1. Welded a bung plug right after the collector on my Bursch Exhaust (backdated to 70-74 SSI heat exchangers)
2. Installed a Wide Band AFR O2 Sensor and gage (Innovate LM-2)
3. Followed the calibration sequence
4. Drove the car.

What I was finding was the following, and it was pretty consistent;
Idle and closed throttle 20 to 1
Mid range 11-14 to 1
Full throttle (full enrichment) 7-8 to 1.

This was pretty much no matter what RPM.

So, what should I make of that?

What I would say is that the full throttle is too rich and the idle is too lean, but perhaps I am ignorant of what really should be happening. I have the Bosch book but this is contrary to what I expected from the gage.

Any help would be appreciated.

I am having the following problems with my L-Jet;
1. If I blip the throttle at idle, it has a hard time recovering as it is descending and often dies.
2. The car was running hot (oil temps) until I recently added an external oil cooler
3. I get pinging sometimes at full throttle.

Cupomeat
Oh, and the timing is set to stock, on a Mallory unilite dist.
Click to view attachment

Don't mind the stupid water hoses for the vacuum hoses, or at least let me know where to get the right ones.


Cupomeat
Bump
underthetire
If it's rich and still pinging at full throttle, your timing is off. Start there IMO
JeffBowlsby
http://bowlsby.net/914/Classic/zTN_Man08.pdf
ghuff
7-8 is so incredibly rich that is disgusting and you are going to SMELL it. WOT ideally you should be around 12.5-12.8/13.0 ish depending on how your motor likes it.
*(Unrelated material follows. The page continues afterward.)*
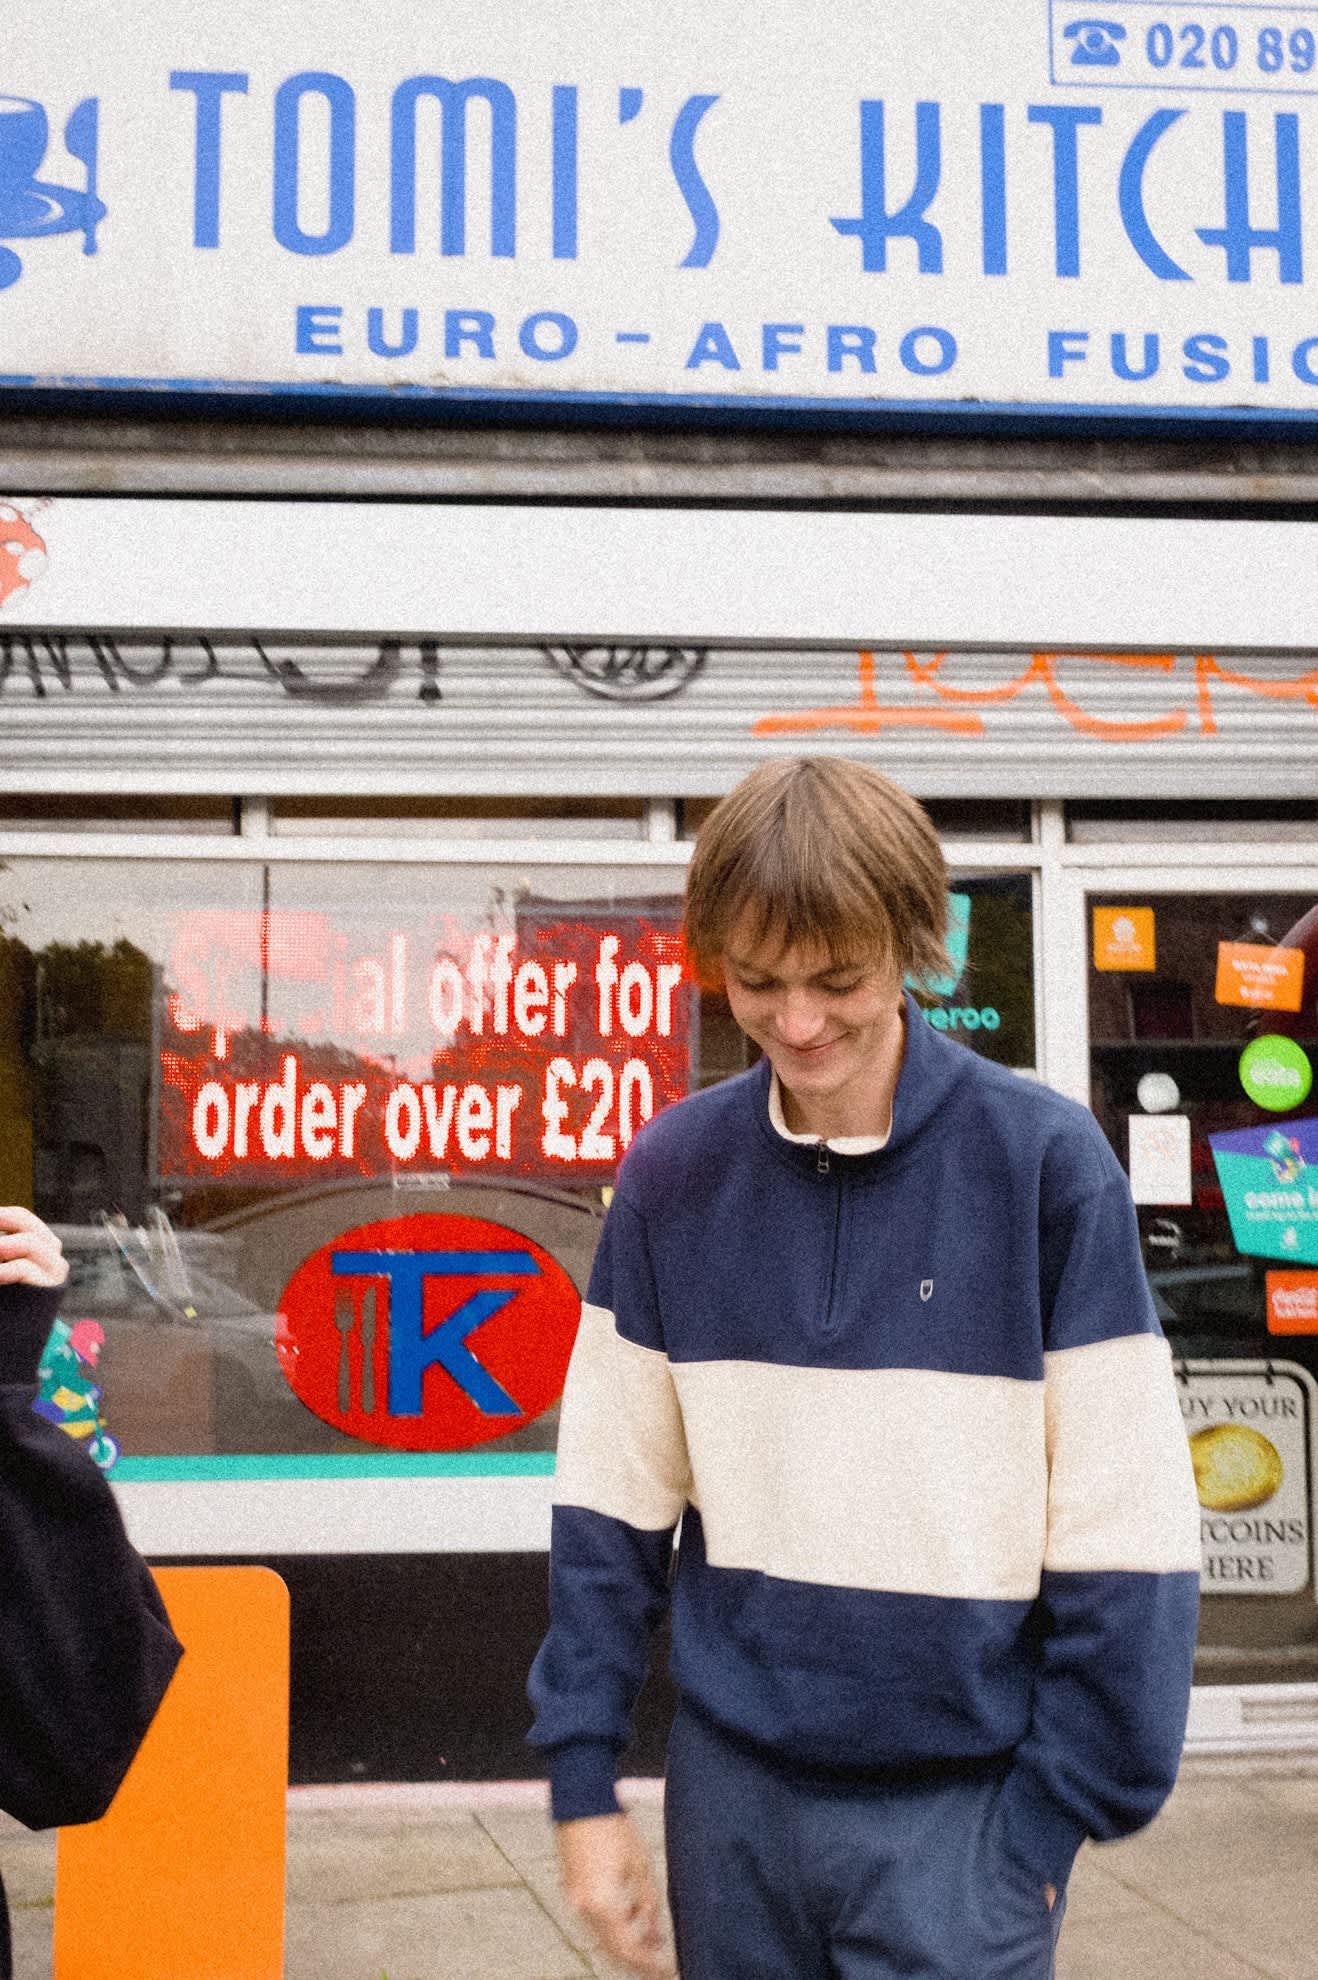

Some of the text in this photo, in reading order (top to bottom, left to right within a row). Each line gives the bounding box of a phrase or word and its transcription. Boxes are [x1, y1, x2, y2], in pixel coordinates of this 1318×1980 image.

That idle and closed throttle 20 is super lean.

You are going to blow something up, either wash a ring out and dilute your oil with the 7-8 or melt something coming off idle/decel hard.


This is beyond small adjustments, those values are pretty wrong. Your WOT ratio is 2x what it should be.
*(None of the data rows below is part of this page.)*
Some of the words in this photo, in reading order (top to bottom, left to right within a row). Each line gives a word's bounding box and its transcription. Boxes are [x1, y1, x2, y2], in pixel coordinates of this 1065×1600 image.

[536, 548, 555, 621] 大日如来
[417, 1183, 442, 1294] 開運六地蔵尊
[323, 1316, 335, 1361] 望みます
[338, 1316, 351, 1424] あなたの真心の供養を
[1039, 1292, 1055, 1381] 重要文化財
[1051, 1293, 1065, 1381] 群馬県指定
Play with your l-jet flapper, pull the top off and move the arm around while it idles to see if you can straighten out your AFR after you get your timing/idle set.

Definitely check timing and idle.

What do you plugs look like? If it is pinging, pull them and inspect them for detonation/misfire damage with a magnifying glass.

You will see bits of junk embedded in the insulator.

I would not be driving it until this is straightened out.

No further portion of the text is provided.